SHE SAYS: just don’t forget your undies
We don’t mind if you can’t sew. Just wear underwear.
According to a survey, the vast majority of Generation Y females are losing their womanly ways.
Traditional female skills such as sewing, ironing, cooking, homemaking and other ‘womanly’ traits are on the decline and instead women are driving automatic cars and contributing to a growing incidence of consumerism.
A lot of my friends are having babies at the moment, and little girls at that. I’m not sure what’s going on: either they have all eaten at the same restaurant or I’m simply noticing it more as I reach ‘that’ age. Anyway, chances are these little girls won’t grow up possessing the skills of the female generations past.
What will they grow up like? What is the one thing we want to instill in these little girl’s lives that in 50 years time they thank us for? Indeed, what would I have liked to know when I was a little girl growing up dreaming of conquering the world?
I’m not sure the ability to sew a skirt hem or roast a chicken is relevant to the prosperity or happiness of young women in today’s day and age.
And of course Generation Y women don’t need to learn how to iron. There’s not enough material on their short shorts to iron.
The Martha Stewarts of our generation and the generations to come are changing.
Perhaps Generation Y women don’t sew because women role models in the 21st Century are, to say the least, lacking in the homemaker skills department. Actually, strong, independent and happy female role models in the public eye are lacking.
What’s not lacking is the barrage of Hollywood road kill that are idolised, revered and held up on drunken pedestals with their life a mess, their hair artificially extended and their outfits missing underwear.
Our young women are not watching Martha Stewart make 20 dishes and two soap bars from a single 1.5 kilogram chook. They’re watching pseudo-reality shows such as The Hills and Jersey Shore.
Snooki is influencing our teenagers that being promiscuous, dressing in tights as pants, and making a living from being a D-grade celebrity is fun.
I’m pretty sure Snooki can’t sew. But I’m confident she could roast more than a lamb on a Saturday night out on the town with her Guidos.
And if your Generation Y daughter brings a puppy home in a knock-off designer handbag, blame Paris Hilton. But make sure you tell her she can be a responsible pet owner, and still have a designer handbag; it’s much nicer when free from puppy poo.
When did we say as a society, that these 20-something year old women were the epitome of idolism? Where was the referendum that agreed we would splash these girls all over our magazine covers, our TV shows and our gossip columns as folly to aspire to? I didn’t vote for this.

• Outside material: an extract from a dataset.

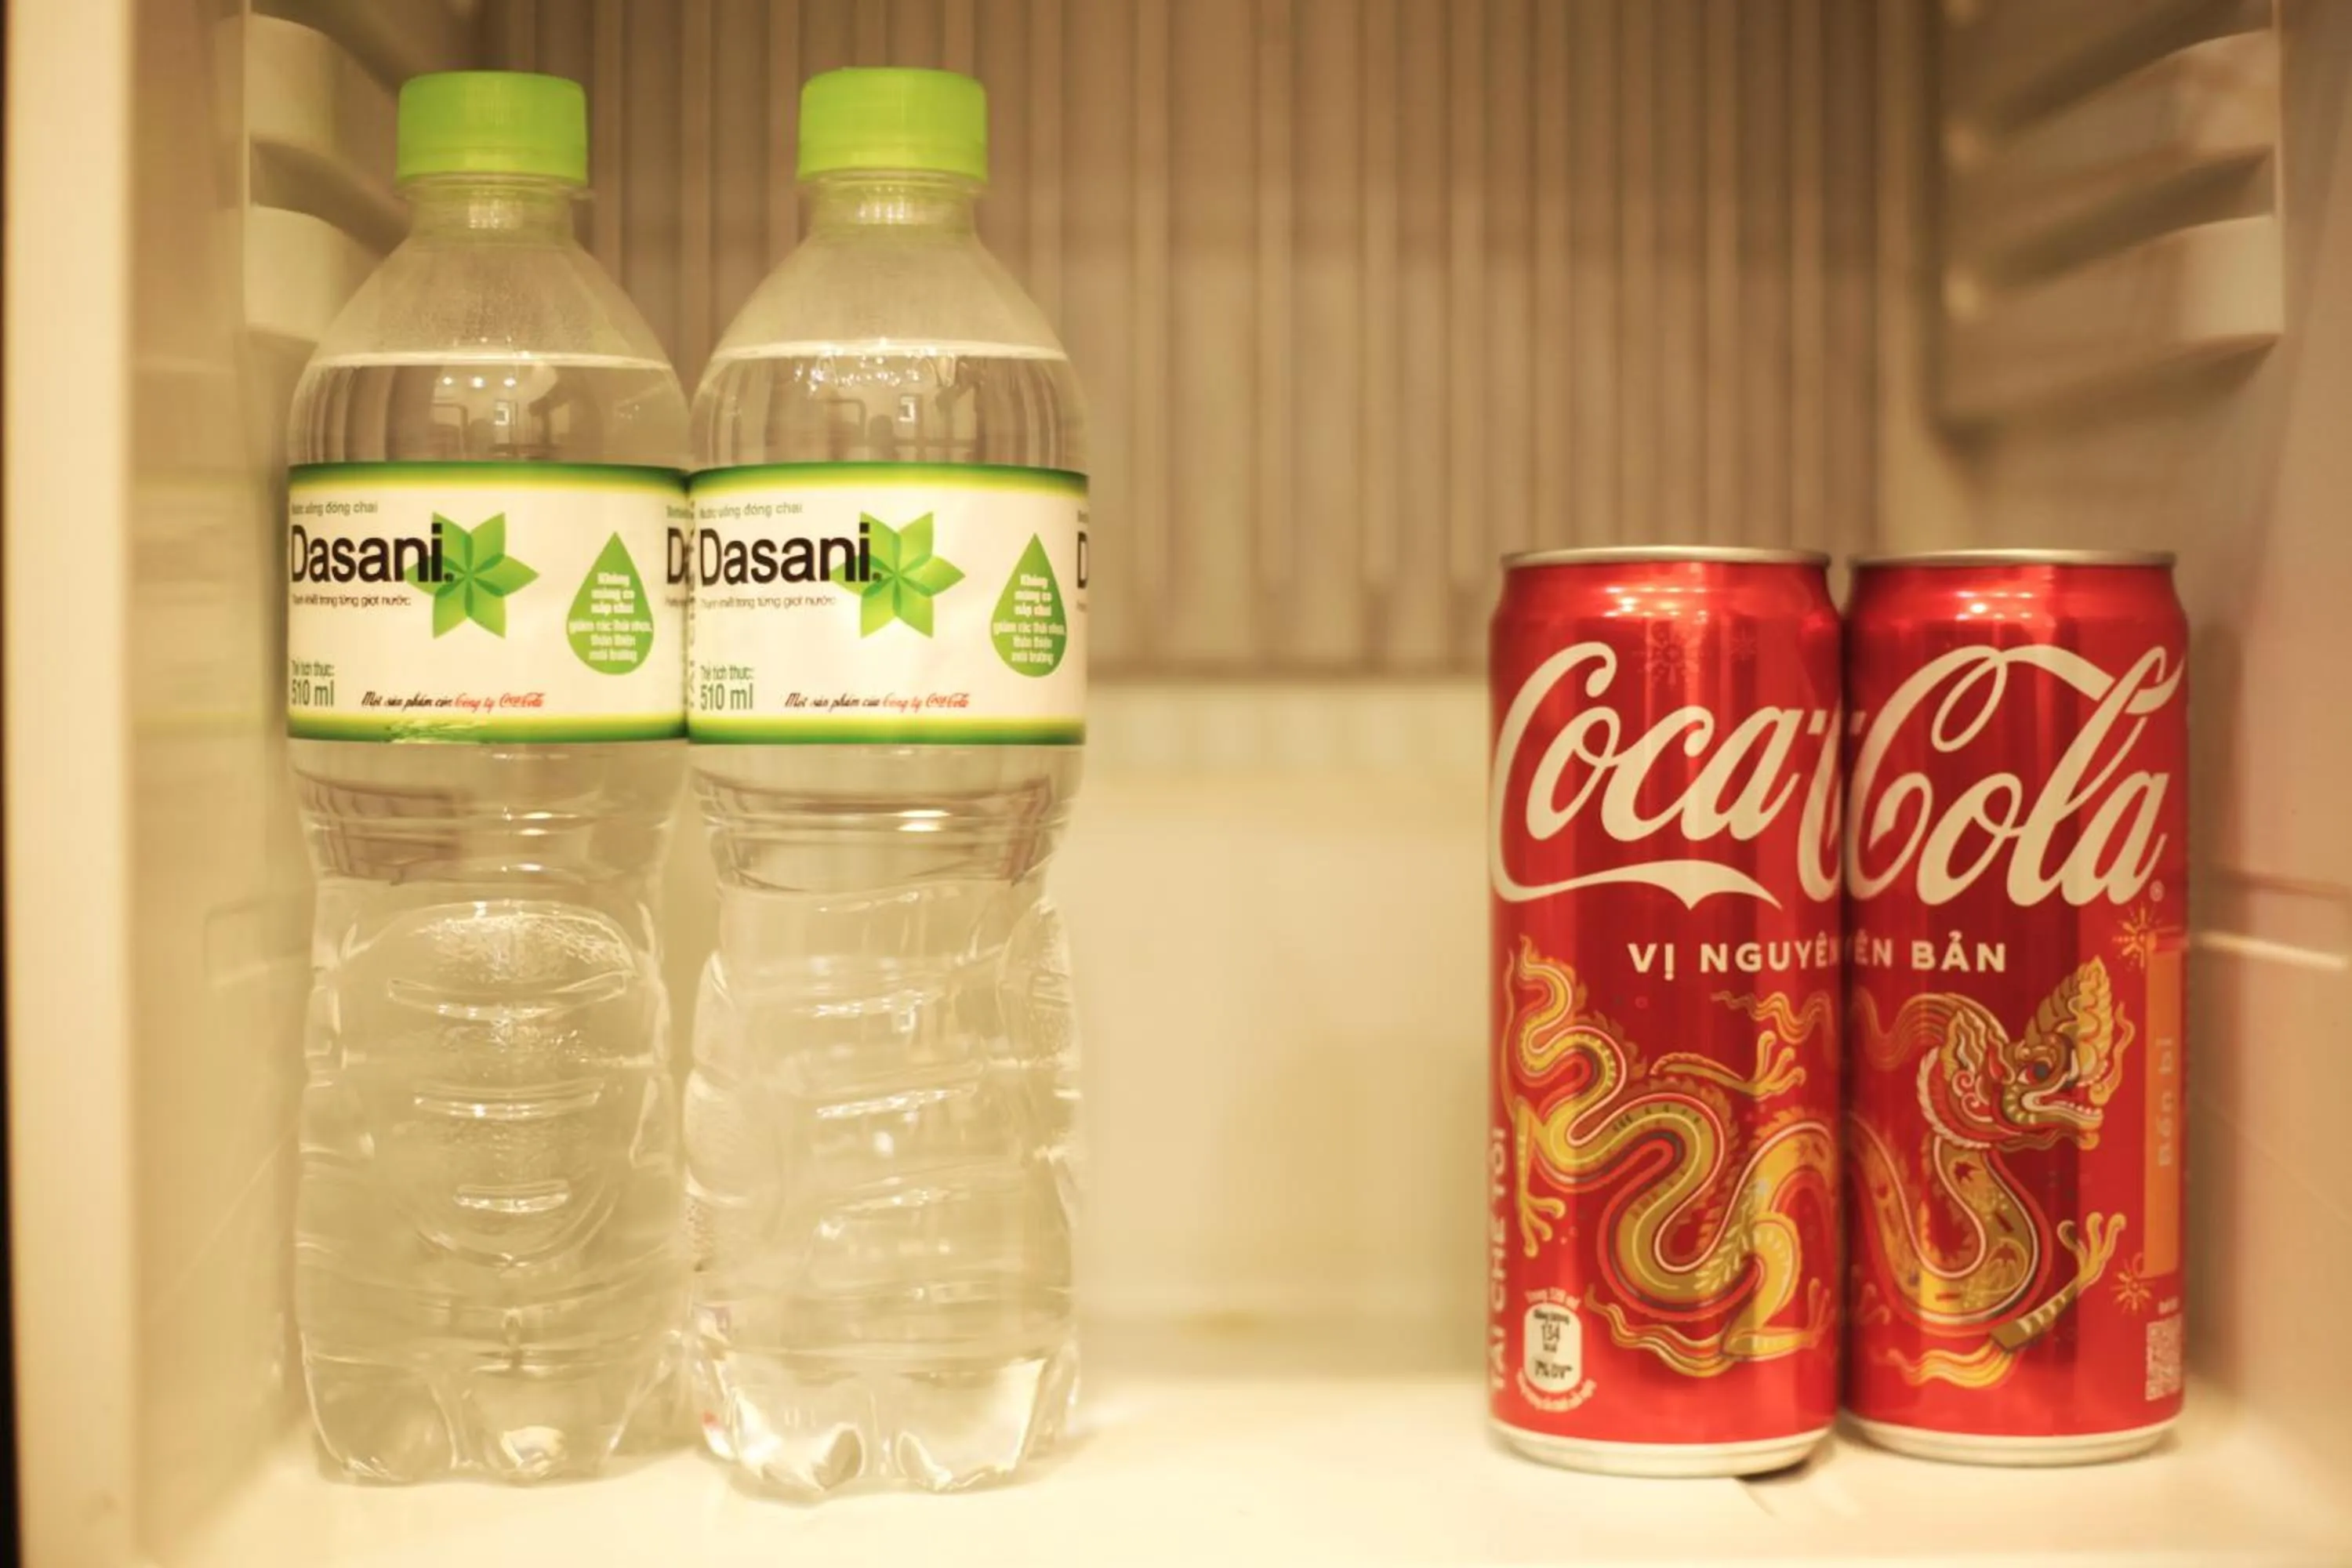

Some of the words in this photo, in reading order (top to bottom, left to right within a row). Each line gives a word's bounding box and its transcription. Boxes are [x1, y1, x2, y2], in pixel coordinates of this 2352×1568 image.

In fact, show me one Generation Y female who will admit to voting for this. You can’t, and if you could, I suspect they wouldn’t admit to it at least publicly. Yet for some reason these ‘role models’ are still splashed on the covers and are still making money from cheap cosmetic lines.

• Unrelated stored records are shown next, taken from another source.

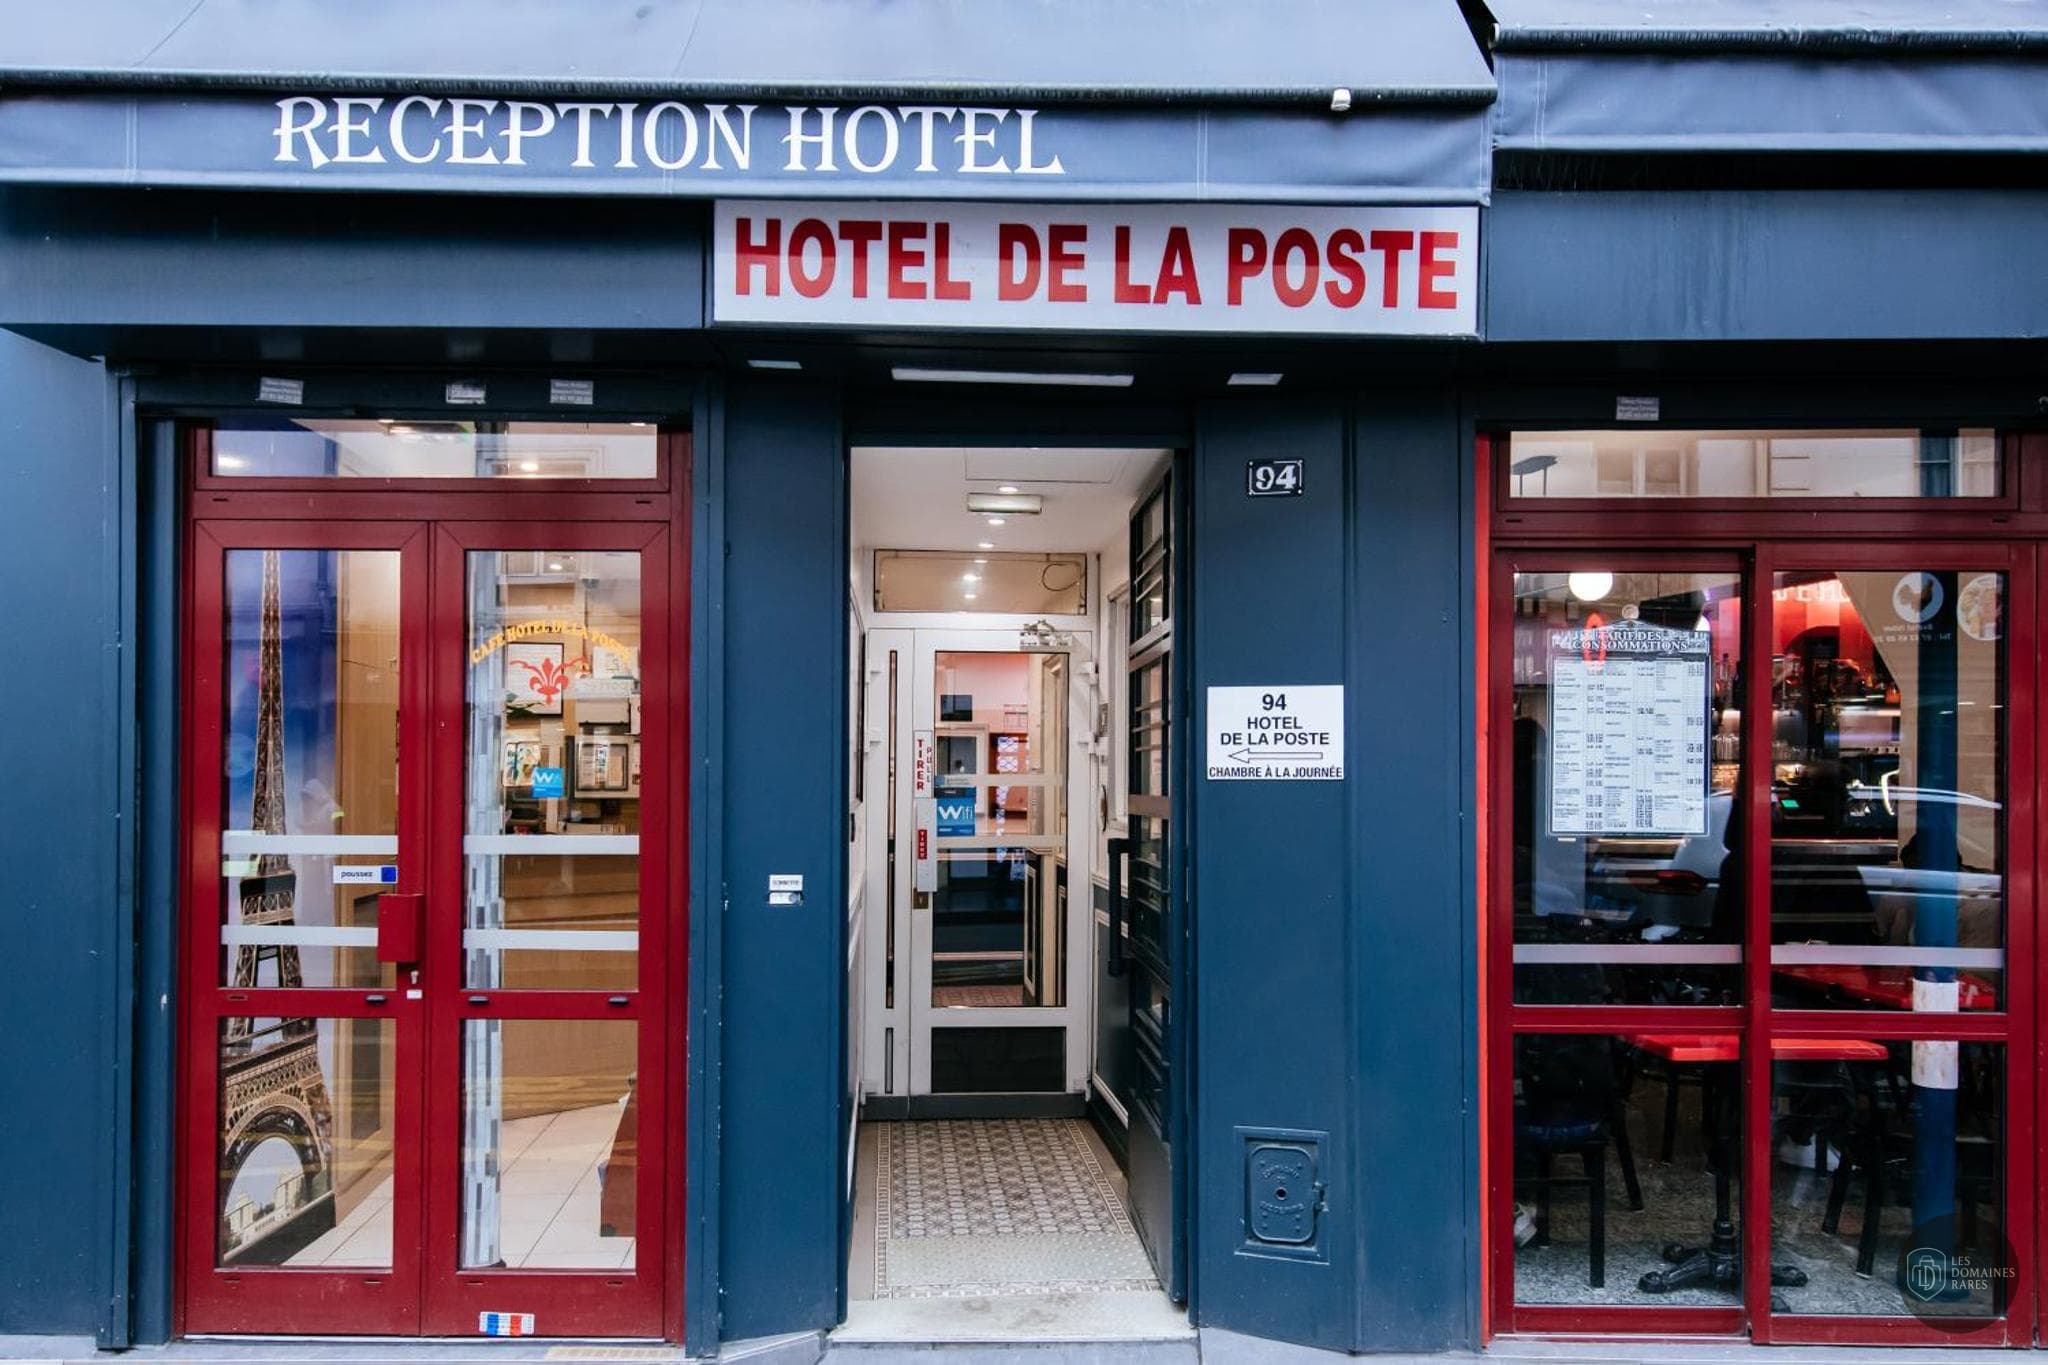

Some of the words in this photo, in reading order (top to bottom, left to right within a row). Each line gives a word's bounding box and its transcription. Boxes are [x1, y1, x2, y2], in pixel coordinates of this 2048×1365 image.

[273, 96, 759, 170] RECEPTION
[781, 105, 1066, 175] HOTEL
[735, 217, 971, 301] HOTEL
[998, 222, 1088, 303] DE
[1115, 225, 1202, 305] LA
[1227, 227, 1460, 310] POSTE
[1255, 465, 1297, 491] 94
[1637, 631, 1662, 641] DES
[1572, 640, 1689, 651] CONSOMMATIONS
[1262, 693, 1287, 711] 94
[1247, 716, 1303, 730] HOTEL
[1220, 732, 1242, 745] DE
[1248, 732, 1269, 745] LA
[1274, 732, 1330, 745] POSTE
[916, 739, 924, 791] TIRER
[1209, 766, 1262, 778] CHAMBRE
[1264, 764, 1272, 778] À
[1275, 767, 1290, 778] LA
[1293, 764, 1342, 778] JOURNÉE

Actually, come to think about it I really hope knowing how to use those cheap cosmetics isn’t a gauge of being a woman. I only learned myself a couple of weeks ago at the Revlon counter.
So where are the stable, intelligent 25 year olds who we can profile?
Who will show our young women that being compassionate, intelligent, multi-skilled, and confident are the markers of a modern woman.
When will we accept that women are no longer defined by roles of pre-war subservience, where our only worth was deemed by our ability to iron our men’s shirts and have dinner on the table by 5 pm?
We should encourage little girls to be all that they can be, with dignity and class. Not a world that debates whether Britney Spears is miming, if Lindsay Lohan is wearing underwear or indeed if 70 per cent of Generation Y women really do wash their own cars as claimed.
Women are arguably in the best position we have ever been in. We can have a career, we can have children, we can cook, we can take out the bins and if we’re lucky we can have it all at around the same time.
We have evolved. We have realised that we can bake our cake and turn it into a successful business, too.
But there is still a long way to go before we can say we have reached equality or indeed overcome subjugation. We don’t have equal pay. We rarely have positions of leadership.
Even with the rise of our first female Prime Minister, Julia Gillard, women in senior management are atypical and we are left debating whether Gillard should get married or carry a handbag.
If I’m lucky enough to have a daughter, I know I’ll teach her how to sew and how change a car tyre. But I won’t mind if she isn’t interested in ironing her man’s shirts, or roasting him a delicious chook on a Sunday night.
As long as she doesn’t do drugs, completes school, thinks for herself, dreams big then endeavours to achieve it and most importantly, wears underwear, she’ll be ok.